======== Extracted material ========
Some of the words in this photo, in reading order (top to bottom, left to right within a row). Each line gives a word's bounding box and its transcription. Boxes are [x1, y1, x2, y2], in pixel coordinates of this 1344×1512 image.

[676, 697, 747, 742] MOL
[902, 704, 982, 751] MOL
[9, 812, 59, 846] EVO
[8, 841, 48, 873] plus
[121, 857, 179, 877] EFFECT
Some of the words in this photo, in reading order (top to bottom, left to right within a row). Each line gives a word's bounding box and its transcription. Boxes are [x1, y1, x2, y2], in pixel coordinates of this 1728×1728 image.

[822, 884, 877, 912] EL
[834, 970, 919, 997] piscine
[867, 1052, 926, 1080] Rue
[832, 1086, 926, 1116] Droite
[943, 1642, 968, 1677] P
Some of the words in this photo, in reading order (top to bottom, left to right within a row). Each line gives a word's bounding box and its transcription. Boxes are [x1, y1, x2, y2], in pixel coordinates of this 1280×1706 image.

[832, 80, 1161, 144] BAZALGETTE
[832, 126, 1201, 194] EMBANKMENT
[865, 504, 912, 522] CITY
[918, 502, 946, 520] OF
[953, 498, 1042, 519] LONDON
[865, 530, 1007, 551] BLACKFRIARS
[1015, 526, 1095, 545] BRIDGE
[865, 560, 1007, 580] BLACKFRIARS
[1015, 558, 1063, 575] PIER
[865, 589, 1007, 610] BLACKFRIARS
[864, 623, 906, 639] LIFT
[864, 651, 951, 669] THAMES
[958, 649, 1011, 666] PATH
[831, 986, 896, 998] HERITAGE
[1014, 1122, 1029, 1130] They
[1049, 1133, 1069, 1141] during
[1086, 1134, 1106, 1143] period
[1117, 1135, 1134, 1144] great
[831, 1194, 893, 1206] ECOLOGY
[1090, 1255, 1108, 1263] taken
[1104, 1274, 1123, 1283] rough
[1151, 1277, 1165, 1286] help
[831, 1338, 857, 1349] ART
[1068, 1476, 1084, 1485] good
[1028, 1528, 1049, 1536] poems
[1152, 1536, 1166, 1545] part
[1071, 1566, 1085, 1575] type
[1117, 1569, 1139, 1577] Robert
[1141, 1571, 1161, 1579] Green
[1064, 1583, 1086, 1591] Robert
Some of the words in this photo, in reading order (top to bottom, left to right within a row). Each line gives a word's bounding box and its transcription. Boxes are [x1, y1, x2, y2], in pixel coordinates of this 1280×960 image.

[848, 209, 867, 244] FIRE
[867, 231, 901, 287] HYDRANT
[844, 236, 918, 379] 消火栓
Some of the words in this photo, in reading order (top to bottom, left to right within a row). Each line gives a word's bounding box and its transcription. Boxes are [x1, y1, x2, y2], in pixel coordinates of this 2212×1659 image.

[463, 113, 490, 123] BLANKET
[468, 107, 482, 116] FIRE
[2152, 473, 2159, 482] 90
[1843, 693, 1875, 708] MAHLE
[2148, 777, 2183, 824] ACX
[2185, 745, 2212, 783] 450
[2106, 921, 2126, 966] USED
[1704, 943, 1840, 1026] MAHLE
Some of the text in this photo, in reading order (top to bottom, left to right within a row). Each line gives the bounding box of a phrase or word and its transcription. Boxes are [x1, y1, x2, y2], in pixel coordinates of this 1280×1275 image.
========
Problem to solve.
Please make an exact copy of the entries, down to the last character.

Task response.
Some of the words in this photo, in reading order (top to bottom, left to right within a row). Each line gives a word's bounding box and its transcription. Boxes are [x1, y1, x2, y2], in pixel coordinates of this 1344×1512 image.

[676, 697, 747, 742] MOL
[902, 704, 982, 751] MOL
[9, 812, 59, 846] EVO
[8, 841, 48, 873] plus
[121, 857, 179, 877] EFFECT
Some of the words in this photo, in reading order (top to bottom, left to right within a row). Each line gives a word's bounding box and its transcription. Boxes are [x1, y1, x2, y2], in pixel coordinates of this 1728×1728 image.

[822, 884, 877, 912] EL
[834, 970, 919, 997] piscine
[867, 1052, 926, 1080] Rue
[832, 1086, 926, 1116] Droite
[943, 1642, 968, 1677] P
Some of the words in this photo, in reading order (top to bottom, left to right within a row). Each line gives a word's bounding box and its transcription. Boxes are [x1, y1, x2, y2], in pixel coordinates of this 1280×1706 image.

[832, 80, 1161, 144] BAZALGETTE
[832, 126, 1201, 194] EMBANKMENT
[865, 504, 912, 522] CITY
[918, 502, 946, 520] OF
[953, 498, 1042, 519] LONDON
[865, 530, 1007, 551] BLACKFRIARS
[1015, 526, 1095, 545] BRIDGE
[865, 560, 1007, 580] BLACKFRIARS
[1015, 558, 1063, 575] PIER
[865, 589, 1007, 610] BLACKFRIARS
[864, 623, 906, 639] LIFT
[864, 651, 951, 669] THAMES
[958, 649, 1011, 666] PATH
[831, 986, 896, 998] HERITAGE
[1014, 1122, 1029, 1130] They
[1049, 1133, 1069, 1141] during
[1086, 1134, 1106, 1143] period
[1117, 1135, 1134, 1144] great
[831, 1194, 893, 1206] ECOLOGY
[1090, 1255, 1108, 1263] taken
[1104, 1274, 1123, 1283] rough
[1151, 1277, 1165, 1286] help
[831, 1338, 857, 1349] ART
[1068, 1476, 1084, 1485] good
[1028, 1528, 1049, 1536] poems
[1152, 1536, 1166, 1545] part
[1071, 1566, 1085, 1575] type
[1117, 1569, 1139, 1577] Robert
[1141, 1571, 1161, 1579] Green
[1064, 1583, 1086, 1591] Robert
Some of the words in this photo, in reading order (top to bottom, left to right within a row). Each line gives a word's bounding box and its transcription. Boxes are [x1, y1, x2, y2], in pixel coordinates of this 1280×960 image.

[848, 209, 867, 244] FIRE
[867, 231, 901, 287] HYDRANT
[844, 236, 918, 379] 消火栓
Some of the words in this photo, in reading order (top to bottom, left to right within a row). Each line gives a word's bounding box and its transcription. Boxes are [x1, y1, x2, y2], in pixel coordinates of this 2212×1659 image.

[463, 113, 490, 123] BLANKET
[468, 107, 482, 116] FIRE
[2152, 473, 2159, 482] 90
[1843, 693, 1875, 708] MAHLE
[2148, 777, 2183, 824] ACX
[2185, 745, 2212, 783] 450
[2106, 921, 2126, 966] USED
[1704, 943, 1840, 1026] MAHLE
Some of the text in this photo, in reading order (top to bottom, left to right within a row). Each line gives the bounding box of a phrase or word and its transcription. Boxes are [x1, y1, x2, y2], in pixel coordinates of this 1280×1275 image.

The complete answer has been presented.